• [DATA TO USE]:
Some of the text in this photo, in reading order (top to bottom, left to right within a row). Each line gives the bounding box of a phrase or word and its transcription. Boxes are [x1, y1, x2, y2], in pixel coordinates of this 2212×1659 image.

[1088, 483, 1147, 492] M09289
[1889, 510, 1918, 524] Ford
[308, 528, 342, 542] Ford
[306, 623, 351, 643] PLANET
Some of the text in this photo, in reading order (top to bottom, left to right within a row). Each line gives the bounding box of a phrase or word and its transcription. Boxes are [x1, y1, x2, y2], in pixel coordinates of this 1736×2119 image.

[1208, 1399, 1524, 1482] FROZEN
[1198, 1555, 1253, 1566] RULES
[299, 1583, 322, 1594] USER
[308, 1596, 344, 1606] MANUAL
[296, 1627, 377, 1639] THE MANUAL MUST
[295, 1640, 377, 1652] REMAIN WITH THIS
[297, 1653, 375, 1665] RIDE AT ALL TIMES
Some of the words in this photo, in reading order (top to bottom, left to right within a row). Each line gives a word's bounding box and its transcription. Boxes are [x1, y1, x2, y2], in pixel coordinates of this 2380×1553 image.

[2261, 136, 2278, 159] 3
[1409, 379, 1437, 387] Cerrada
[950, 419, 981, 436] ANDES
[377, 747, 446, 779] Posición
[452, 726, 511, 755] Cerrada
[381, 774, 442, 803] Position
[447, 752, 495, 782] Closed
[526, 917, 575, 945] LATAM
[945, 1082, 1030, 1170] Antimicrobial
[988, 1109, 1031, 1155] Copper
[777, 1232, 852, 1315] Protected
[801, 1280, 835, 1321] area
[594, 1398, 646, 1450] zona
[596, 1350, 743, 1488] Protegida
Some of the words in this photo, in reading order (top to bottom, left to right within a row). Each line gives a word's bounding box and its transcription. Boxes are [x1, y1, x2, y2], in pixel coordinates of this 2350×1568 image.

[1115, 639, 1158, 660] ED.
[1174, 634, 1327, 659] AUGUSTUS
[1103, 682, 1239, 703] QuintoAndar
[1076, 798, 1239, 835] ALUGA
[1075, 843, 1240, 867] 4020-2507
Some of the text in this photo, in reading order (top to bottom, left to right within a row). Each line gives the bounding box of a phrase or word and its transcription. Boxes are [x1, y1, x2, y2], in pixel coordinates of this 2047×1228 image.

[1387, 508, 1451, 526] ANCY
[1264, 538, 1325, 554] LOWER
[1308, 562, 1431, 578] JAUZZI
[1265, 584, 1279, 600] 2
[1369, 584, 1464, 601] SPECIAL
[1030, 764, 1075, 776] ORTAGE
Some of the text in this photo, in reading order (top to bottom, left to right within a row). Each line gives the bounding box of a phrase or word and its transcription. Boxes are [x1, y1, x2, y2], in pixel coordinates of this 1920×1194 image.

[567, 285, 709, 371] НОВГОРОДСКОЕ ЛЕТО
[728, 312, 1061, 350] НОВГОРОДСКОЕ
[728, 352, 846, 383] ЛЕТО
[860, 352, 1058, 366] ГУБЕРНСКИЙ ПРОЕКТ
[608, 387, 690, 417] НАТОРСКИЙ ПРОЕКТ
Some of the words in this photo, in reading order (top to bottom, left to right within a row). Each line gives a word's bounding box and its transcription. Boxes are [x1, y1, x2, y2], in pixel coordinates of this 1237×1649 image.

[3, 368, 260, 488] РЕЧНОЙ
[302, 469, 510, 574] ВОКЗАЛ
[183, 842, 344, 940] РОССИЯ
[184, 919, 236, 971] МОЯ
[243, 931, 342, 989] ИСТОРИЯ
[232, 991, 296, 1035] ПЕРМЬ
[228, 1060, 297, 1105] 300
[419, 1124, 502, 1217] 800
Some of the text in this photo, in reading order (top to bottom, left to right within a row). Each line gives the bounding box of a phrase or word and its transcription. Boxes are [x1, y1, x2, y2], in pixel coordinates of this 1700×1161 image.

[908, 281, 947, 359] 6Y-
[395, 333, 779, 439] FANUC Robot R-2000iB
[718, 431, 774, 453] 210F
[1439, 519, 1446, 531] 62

• [TASK DESCRIPTION]: Reply with the complete records, restated exactly.

• [EXERCISE RESPONSE]:
Some of the text in this photo, in reading order (top to bottom, left to right within a row). Each line gives the bounding box of a phrase or word and its transcription. Boxes are [x1, y1, x2, y2], in pixel coordinates of this 2212×1659 image.

[1088, 483, 1147, 492] M09289
[1889, 510, 1918, 524] Ford
[308, 528, 342, 542] Ford
[306, 623, 351, 643] PLANET
Some of the text in this photo, in reading order (top to bottom, left to right within a row). Each line gives the bounding box of a phrase or word and its transcription. Boxes are [x1, y1, x2, y2], in pixel coordinates of this 1736×2119 image.

[1208, 1399, 1524, 1482] FROZEN
[1198, 1555, 1253, 1566] RULES
[299, 1583, 322, 1594] USER
[308, 1596, 344, 1606] MANUAL
[296, 1627, 377, 1639] THE MANUAL MUST
[295, 1640, 377, 1652] REMAIN WITH THIS
[297, 1653, 375, 1665] RIDE AT ALL TIMES
Some of the words in this photo, in reading order (top to bottom, left to right within a row). Each line gives a word's bounding box and its transcription. Boxes are [x1, y1, x2, y2], in pixel coordinates of this 2380×1553 image.

[2261, 136, 2278, 159] 3
[1409, 379, 1437, 387] Cerrada
[950, 419, 981, 436] ANDES
[377, 747, 446, 779] Posición
[452, 726, 511, 755] Cerrada
[381, 774, 442, 803] Position
[447, 752, 495, 782] Closed
[526, 917, 575, 945] LATAM
[945, 1082, 1030, 1170] Antimicrobial
[988, 1109, 1031, 1155] Copper
[777, 1232, 852, 1315] Protected
[801, 1280, 835, 1321] area
[594, 1398, 646, 1450] zona
[596, 1350, 743, 1488] Protegida
Some of the words in this photo, in reading order (top to bottom, left to right within a row). Each line gives a word's bounding box and its transcription. Boxes are [x1, y1, x2, y2], in pixel coordinates of this 2350×1568 image.

[1115, 639, 1158, 660] ED.
[1174, 634, 1327, 659] AUGUSTUS
[1103, 682, 1239, 703] QuintoAndar
[1076, 798, 1239, 835] ALUGA
[1075, 843, 1240, 867] 4020-2507
Some of the text in this photo, in reading order (top to bottom, left to right within a row). Each line gives the bounding box of a phrase or word and its transcription. Boxes are [x1, y1, x2, y2], in pixel coordinates of this 2047×1228 image.

[1387, 508, 1451, 526] ANCY
[1264, 538, 1325, 554] LOWER
[1308, 562, 1431, 578] JAUZZI
[1265, 584, 1279, 600] 2
[1369, 584, 1464, 601] SPECIAL
[1030, 764, 1075, 776] ORTAGE
Some of the text in this photo, in reading order (top to bottom, left to right within a row). Each line gives the bounding box of a phrase or word and its transcription. Boxes are [x1, y1, x2, y2], in pixel coordinates of this 1920×1194 image.

[567, 285, 709, 371] НОВГОРОДСКОЕ ЛЕТО
[728, 312, 1061, 350] НОВГОРОДСКОЕ
[728, 352, 846, 383] ЛЕТО
[860, 352, 1058, 366] ГУБЕРНСКИЙ ПРОЕКТ
[608, 387, 690, 417] НАТОРСКИЙ ПРОЕКТ
Some of the words in this photo, in reading order (top to bottom, left to right within a row). Each line gives a word's bounding box and its transcription. Boxes are [x1, y1, x2, y2], in pixel coordinates of this 1237×1649 image.

[3, 368, 260, 488] РЕЧНОЙ
[302, 469, 510, 574] ВОКЗАЛ
[183, 842, 344, 940] РОССИЯ
[184, 919, 236, 971] МОЯ
[243, 931, 342, 989] ИСТОРИЯ
[232, 991, 296, 1035] ПЕРМЬ
[228, 1060, 297, 1105] 300
[419, 1124, 502, 1217] 800
Some of the text in this photo, in reading order (top to bottom, left to right within a row). Each line gives the bounding box of a phrase or word and its transcription. Boxes are [x1, y1, x2, y2], in pixel coordinates of this 1700×1161 image.

[908, 281, 947, 359] 6Y-
[395, 333, 779, 439] FANUC Robot R-2000iB
[718, 431, 774, 453] 210F
[1439, 519, 1446, 531] 62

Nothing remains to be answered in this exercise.